A new oxime ligand named isophthalaldoxime (1) was synthesized by the addition of hydroxylamine hydrochloride to isophthalaldehyde. Then, a four nuclear palladacycle complex {Pd4[(N,C)(NOHCHC6H2CHNOH)(μ-Cl)2]2} (2) was prepared and fully characterized using elemental analysis, FT-IR, and NMR spectroscopy. A desolvation method was employed for the synthesis of protein nanoparticles using bovine serum albumin (BSA). Then, complex (2) was loaded on the prepared nanoparticles with an optimized entrapment efficiency (EE) of 97.78% and loading capacity (LC) of 22.68%. FT-IR spectroscopy and circular dichroism (CD) were used for spectral studies. Field emission scanning electron microscopy (FESEM) and dynamic light scattering (DLS) measurement was applied for structural studies on the morphology, size, and zeta potential of BSA nanoparticles (BSA-NPs) and complex-loaded nanoparticles ((2)@BSA-NPs). The results showed the stability and acceptable size of nanoparticles prepared for the in vitro drug release experiment.

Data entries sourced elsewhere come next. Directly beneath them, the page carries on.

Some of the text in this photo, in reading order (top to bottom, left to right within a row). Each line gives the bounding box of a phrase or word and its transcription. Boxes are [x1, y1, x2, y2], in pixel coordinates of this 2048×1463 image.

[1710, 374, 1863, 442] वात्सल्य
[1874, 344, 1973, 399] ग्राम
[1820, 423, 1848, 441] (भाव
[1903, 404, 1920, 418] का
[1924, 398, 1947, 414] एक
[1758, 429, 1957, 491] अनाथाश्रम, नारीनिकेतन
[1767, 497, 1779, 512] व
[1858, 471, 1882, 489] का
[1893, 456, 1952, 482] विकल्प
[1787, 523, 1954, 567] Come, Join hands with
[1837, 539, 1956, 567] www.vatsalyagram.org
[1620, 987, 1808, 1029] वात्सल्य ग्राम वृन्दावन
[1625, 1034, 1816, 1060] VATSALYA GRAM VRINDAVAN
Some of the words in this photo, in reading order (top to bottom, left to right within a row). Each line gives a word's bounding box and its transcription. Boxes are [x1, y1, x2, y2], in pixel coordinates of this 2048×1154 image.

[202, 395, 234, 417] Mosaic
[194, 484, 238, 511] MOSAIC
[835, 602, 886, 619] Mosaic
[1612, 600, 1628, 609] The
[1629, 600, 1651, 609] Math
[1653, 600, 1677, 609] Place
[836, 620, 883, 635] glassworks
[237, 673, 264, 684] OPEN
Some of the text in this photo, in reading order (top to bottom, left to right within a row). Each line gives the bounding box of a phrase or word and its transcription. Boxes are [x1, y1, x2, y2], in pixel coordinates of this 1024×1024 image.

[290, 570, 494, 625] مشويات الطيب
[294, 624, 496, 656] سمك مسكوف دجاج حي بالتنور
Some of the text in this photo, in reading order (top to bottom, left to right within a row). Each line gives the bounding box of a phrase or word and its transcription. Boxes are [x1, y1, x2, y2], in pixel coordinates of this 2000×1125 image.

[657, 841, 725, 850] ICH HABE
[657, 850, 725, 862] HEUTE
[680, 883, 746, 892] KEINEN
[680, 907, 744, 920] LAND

Therefore, the in vitro release of (2) from BSA-NPs was studied using the dialysis bag method. In addition, the release mechanism was investigated by mathematical methods and the results showed that phase I and II of the release process followed Korsmeyer–Peppas and Higuchi models, respectively. Finally, the in vitro cytotoxicities of the synthesized nanoparticles, palladium complex, and complex-loaded nanoparticles were carried out against A549 human lung carcinoma and K562 human leukemia cell lines using MTT colorimetric assays.